Could you please write out the data shown below, exactly and in full?

RECORDS TO PROCESS below:

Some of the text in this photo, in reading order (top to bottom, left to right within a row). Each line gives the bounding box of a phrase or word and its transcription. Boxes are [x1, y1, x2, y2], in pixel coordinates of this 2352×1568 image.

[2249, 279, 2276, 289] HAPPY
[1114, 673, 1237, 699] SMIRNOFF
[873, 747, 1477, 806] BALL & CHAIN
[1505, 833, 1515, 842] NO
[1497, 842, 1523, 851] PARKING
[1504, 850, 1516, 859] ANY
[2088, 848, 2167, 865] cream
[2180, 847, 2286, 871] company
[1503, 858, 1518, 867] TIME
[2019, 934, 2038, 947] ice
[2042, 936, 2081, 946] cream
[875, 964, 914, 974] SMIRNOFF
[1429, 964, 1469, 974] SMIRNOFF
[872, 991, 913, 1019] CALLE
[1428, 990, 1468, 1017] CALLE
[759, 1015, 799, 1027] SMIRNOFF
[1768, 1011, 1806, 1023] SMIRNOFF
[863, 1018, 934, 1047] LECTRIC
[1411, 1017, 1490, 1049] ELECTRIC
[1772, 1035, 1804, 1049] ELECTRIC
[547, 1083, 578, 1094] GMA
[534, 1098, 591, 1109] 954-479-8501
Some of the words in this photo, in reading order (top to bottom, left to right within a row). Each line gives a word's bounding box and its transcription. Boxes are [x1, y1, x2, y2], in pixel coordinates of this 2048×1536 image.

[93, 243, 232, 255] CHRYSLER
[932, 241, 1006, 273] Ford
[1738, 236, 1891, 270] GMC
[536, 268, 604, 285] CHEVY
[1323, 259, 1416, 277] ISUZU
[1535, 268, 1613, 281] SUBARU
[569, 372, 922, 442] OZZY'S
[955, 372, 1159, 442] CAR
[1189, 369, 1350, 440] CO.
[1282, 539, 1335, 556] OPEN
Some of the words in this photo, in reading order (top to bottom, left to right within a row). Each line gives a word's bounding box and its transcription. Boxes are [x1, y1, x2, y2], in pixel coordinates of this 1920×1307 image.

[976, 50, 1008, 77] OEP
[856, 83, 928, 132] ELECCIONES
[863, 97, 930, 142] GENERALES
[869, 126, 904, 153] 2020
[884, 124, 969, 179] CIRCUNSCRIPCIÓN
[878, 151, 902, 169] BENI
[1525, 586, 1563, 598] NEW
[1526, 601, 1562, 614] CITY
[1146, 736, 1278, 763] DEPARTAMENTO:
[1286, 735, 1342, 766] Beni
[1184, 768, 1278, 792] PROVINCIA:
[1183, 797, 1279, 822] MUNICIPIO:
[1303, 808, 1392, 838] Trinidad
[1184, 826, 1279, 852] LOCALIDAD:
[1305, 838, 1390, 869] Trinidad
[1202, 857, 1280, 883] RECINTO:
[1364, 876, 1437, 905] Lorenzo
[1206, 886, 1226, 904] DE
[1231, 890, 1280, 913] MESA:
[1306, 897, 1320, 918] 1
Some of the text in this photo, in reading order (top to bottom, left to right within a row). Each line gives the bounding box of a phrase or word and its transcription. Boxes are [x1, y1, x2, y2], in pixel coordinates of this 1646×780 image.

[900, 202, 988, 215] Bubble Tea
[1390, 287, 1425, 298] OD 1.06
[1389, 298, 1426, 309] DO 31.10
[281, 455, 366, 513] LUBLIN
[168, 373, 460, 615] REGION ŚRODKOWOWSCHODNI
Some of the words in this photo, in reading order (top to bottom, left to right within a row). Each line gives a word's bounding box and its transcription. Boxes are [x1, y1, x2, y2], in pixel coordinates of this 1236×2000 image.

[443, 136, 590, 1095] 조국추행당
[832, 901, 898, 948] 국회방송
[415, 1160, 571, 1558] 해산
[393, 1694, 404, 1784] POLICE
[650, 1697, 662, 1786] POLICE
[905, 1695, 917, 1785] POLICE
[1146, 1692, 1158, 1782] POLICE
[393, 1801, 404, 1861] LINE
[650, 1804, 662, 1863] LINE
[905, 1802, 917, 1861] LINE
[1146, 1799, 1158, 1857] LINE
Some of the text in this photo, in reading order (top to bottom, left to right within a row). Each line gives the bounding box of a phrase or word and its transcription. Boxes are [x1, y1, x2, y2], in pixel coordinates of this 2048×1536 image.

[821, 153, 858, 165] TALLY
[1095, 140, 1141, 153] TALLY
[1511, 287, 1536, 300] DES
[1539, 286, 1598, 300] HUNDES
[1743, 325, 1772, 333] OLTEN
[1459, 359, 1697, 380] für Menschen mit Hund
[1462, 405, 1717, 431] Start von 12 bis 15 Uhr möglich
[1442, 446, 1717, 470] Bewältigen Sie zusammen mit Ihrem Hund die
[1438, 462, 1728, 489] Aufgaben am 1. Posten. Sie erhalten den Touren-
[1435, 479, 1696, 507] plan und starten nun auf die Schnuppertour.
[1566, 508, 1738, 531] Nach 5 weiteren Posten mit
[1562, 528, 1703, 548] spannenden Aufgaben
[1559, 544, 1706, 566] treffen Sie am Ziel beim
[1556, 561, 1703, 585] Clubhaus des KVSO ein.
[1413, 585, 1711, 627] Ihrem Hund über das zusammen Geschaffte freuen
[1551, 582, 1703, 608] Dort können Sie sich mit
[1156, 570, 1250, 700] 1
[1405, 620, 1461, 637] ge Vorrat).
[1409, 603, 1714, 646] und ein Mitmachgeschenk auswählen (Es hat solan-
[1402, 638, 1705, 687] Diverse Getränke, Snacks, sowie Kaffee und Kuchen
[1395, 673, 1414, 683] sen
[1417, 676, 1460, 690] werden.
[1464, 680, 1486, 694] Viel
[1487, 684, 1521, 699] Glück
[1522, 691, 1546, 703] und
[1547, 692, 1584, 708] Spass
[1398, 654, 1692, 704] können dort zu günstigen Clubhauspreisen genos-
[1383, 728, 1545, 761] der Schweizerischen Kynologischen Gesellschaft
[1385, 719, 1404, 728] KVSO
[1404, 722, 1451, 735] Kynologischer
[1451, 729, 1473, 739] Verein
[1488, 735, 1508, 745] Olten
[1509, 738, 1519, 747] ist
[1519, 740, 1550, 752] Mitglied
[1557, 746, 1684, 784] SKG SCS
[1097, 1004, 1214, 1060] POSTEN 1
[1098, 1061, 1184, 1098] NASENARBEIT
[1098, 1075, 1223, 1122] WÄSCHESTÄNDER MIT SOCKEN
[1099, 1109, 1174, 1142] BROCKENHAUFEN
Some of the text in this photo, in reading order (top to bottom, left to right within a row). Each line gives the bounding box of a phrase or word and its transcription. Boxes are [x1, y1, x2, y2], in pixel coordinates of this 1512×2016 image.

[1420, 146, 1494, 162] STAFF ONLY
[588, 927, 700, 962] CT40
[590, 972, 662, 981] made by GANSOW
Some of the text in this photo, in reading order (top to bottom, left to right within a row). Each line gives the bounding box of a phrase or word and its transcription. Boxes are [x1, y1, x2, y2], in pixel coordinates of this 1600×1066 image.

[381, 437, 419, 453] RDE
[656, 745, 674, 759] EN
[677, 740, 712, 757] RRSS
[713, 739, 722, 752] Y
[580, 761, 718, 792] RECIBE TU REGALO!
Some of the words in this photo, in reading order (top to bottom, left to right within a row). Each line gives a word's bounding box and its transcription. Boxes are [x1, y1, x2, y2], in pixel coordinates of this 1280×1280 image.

End of RECORDS TO PROCESS.

RESPONSE:
Some of the text in this photo, in reading order (top to bottom, left to right within a row). Each line gives the bounding box of a phrase or word and its transcription. Boxes are [x1, y1, x2, y2], in pixel coordinates of this 2352×1568 image.

[2249, 279, 2276, 289] HAPPY
[1114, 673, 1237, 699] SMIRNOFF
[873, 747, 1477, 806] BALL & CHAIN
[1505, 833, 1515, 842] NO
[1497, 842, 1523, 851] PARKING
[1504, 850, 1516, 859] ANY
[2088, 848, 2167, 865] cream
[2180, 847, 2286, 871] company
[1503, 858, 1518, 867] TIME
[2019, 934, 2038, 947] ice
[2042, 936, 2081, 946] cream
[875, 964, 914, 974] SMIRNOFF
[1429, 964, 1469, 974] SMIRNOFF
[872, 991, 913, 1019] CALLE
[1428, 990, 1468, 1017] CALLE
[759, 1015, 799, 1027] SMIRNOFF
[1768, 1011, 1806, 1023] SMIRNOFF
[863, 1018, 934, 1047] LECTRIC
[1411, 1017, 1490, 1049] ELECTRIC
[1772, 1035, 1804, 1049] ELECTRIC
[547, 1083, 578, 1094] GMA
[534, 1098, 591, 1109] 954-479-8501
Some of the words in this photo, in reading order (top to bottom, left to right within a row). Each line gives a word's bounding box and its transcription. Boxes are [x1, y1, x2, y2], in pixel coordinates of this 2048×1536 image.

[93, 243, 232, 255] CHRYSLER
[932, 241, 1006, 273] Ford
[1738, 236, 1891, 270] GMC
[536, 268, 604, 285] CHEVY
[1323, 259, 1416, 277] ISUZU
[1535, 268, 1613, 281] SUBARU
[569, 372, 922, 442] OZZY'S
[955, 372, 1159, 442] CAR
[1189, 369, 1350, 440] CO.
[1282, 539, 1335, 556] OPEN
Some of the words in this photo, in reading order (top to bottom, left to right within a row). Each line gives a word's bounding box and its transcription. Boxes are [x1, y1, x2, y2], in pixel coordinates of this 1920×1307 image.

[976, 50, 1008, 77] OEP
[856, 83, 928, 132] ELECCIONES
[863, 97, 930, 142] GENERALES
[869, 126, 904, 153] 2020
[884, 124, 969, 179] CIRCUNSCRIPCIÓN
[878, 151, 902, 169] BENI
[1525, 586, 1563, 598] NEW
[1526, 601, 1562, 614] CITY
[1146, 736, 1278, 763] DEPARTAMENTO:
[1286, 735, 1342, 766] Beni
[1184, 768, 1278, 792] PROVINCIA:
[1183, 797, 1279, 822] MUNICIPIO:
[1303, 808, 1392, 838] Trinidad
[1184, 826, 1279, 852] LOCALIDAD:
[1305, 838, 1390, 869] Trinidad
[1202, 857, 1280, 883] RECINTO:
[1364, 876, 1437, 905] Lorenzo
[1206, 886, 1226, 904] DE
[1231, 890, 1280, 913] MESA:
[1306, 897, 1320, 918] 1
Some of the text in this photo, in reading order (top to bottom, left to right within a row). Each line gives the bounding box of a phrase or word and its transcription. Boxes are [x1, y1, x2, y2], in pixel coordinates of this 1646×780 image.

[900, 202, 988, 215] Bubble Tea
[1390, 287, 1425, 298] OD 1.06
[1389, 298, 1426, 309] DO 31.10
[281, 455, 366, 513] LUBLIN
[168, 373, 460, 615] REGION ŚRODKOWOWSCHODNI
Some of the words in this photo, in reading order (top to bottom, left to right within a row). Each line gives a word's bounding box and its transcription. Boxes are [x1, y1, x2, y2], in pixel coordinates of this 1236×2000 image.

[443, 136, 590, 1095] 조국추행당
[832, 901, 898, 948] 국회방송
[415, 1160, 571, 1558] 해산
[393, 1694, 404, 1784] POLICE
[650, 1697, 662, 1786] POLICE
[905, 1695, 917, 1785] POLICE
[1146, 1692, 1158, 1782] POLICE
[393, 1801, 404, 1861] LINE
[650, 1804, 662, 1863] LINE
[905, 1802, 917, 1861] LINE
[1146, 1799, 1158, 1857] LINE
Some of the text in this photo, in reading order (top to bottom, left to right within a row). Each line gives the bounding box of a phrase or word and its transcription. Boxes are [x1, y1, x2, y2], in pixel coordinates of this 2048×1536 image.

[821, 153, 858, 165] TALLY
[1095, 140, 1141, 153] TALLY
[1511, 287, 1536, 300] DES
[1539, 286, 1598, 300] HUNDES
[1743, 325, 1772, 333] OLTEN
[1459, 359, 1697, 380] für Menschen mit Hund
[1462, 405, 1717, 431] Start von 12 bis 15 Uhr möglich
[1442, 446, 1717, 470] Bewältigen Sie zusammen mit Ihrem Hund die
[1438, 462, 1728, 489] Aufgaben am 1. Posten. Sie erhalten den Touren-
[1435, 479, 1696, 507] plan und starten nun auf die Schnuppertour.
[1566, 508, 1738, 531] Nach 5 weiteren Posten mit
[1562, 528, 1703, 548] spannenden Aufgaben
[1559, 544, 1706, 566] treffen Sie am Ziel beim
[1556, 561, 1703, 585] Clubhaus des KVSO ein.
[1413, 585, 1711, 627] Ihrem Hund über das zusammen Geschaffte freuen
[1551, 582, 1703, 608] Dort können Sie sich mit
[1156, 570, 1250, 700] 1
[1405, 620, 1461, 637] ge Vorrat).
[1409, 603, 1714, 646] und ein Mitmachgeschenk auswählen (Es hat solan-
[1402, 638, 1705, 687] Diverse Getränke, Snacks, sowie Kaffee und Kuchen
[1395, 673, 1414, 683] sen
[1417, 676, 1460, 690] werden.
[1464, 680, 1486, 694] Viel
[1487, 684, 1521, 699] Glück
[1522, 691, 1546, 703] und
[1547, 692, 1584, 708] Spass
[1398, 654, 1692, 704] können dort zu günstigen Clubhauspreisen genos-
[1383, 728, 1545, 761] der Schweizerischen Kynologischen Gesellschaft
[1385, 719, 1404, 728] KVSO
[1404, 722, 1451, 735] Kynologischer
[1451, 729, 1473, 739] Verein
[1488, 735, 1508, 745] Olten
[1509, 738, 1519, 747] ist
[1519, 740, 1550, 752] Mitglied
[1557, 746, 1684, 784] SKG SCS
[1097, 1004, 1214, 1060] POSTEN 1
[1098, 1061, 1184, 1098] NASENARBEIT
[1098, 1075, 1223, 1122] WÄSCHESTÄNDER MIT SOCKEN
[1099, 1109, 1174, 1142] BROCKENHAUFEN
Some of the text in this photo, in reading order (top to bottom, left to right within a row). Each line gives the bounding box of a phrase or word and its transcription. Boxes are [x1, y1, x2, y2], in pixel coordinates of this 1512×2016 image.

[1420, 146, 1494, 162] STAFF ONLY
[588, 927, 700, 962] CT40
[590, 972, 662, 981] made by GANSOW
Some of the text in this photo, in reading order (top to bottom, left to right within a row). Each line gives the bounding box of a phrase or word and its transcription. Boxes are [x1, y1, x2, y2], in pixel coordinates of this 1600×1066 image.

[381, 437, 419, 453] RDE
[656, 745, 674, 759] EN
[677, 740, 712, 757] RRSS
[713, 739, 722, 752] Y
[580, 761, 718, 792] RECIBE TU REGALO!
Some of the words in this photo, in reading order (top to bottom, left to right within a row). Each line gives a word's bounding box and its transcription. Boxes are [x1, y1, x2, y2], in pixel coordinates of this 1280×1280 image.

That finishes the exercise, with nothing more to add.